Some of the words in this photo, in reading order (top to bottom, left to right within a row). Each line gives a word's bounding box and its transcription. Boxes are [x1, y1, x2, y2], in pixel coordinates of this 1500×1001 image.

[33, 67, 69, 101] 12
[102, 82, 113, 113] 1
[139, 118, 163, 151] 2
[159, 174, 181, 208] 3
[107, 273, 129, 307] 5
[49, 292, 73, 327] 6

__WORK REQUEST__: Reproduce every entry above without a single alteration.

__EXPECTED OUTPUT__:
Some of the words in this photo, in reading order (top to bottom, left to right within a row). Each line gives a word's bounding box and its transcription. Boxes are [x1, y1, x2, y2], in pixel coordinates of this 1500×1001 image.

[33, 67, 69, 101] 12
[102, 82, 113, 113] 1
[139, 118, 163, 151] 2
[159, 174, 181, 208] 3
[107, 273, 129, 307] 5
[49, 292, 73, 327] 6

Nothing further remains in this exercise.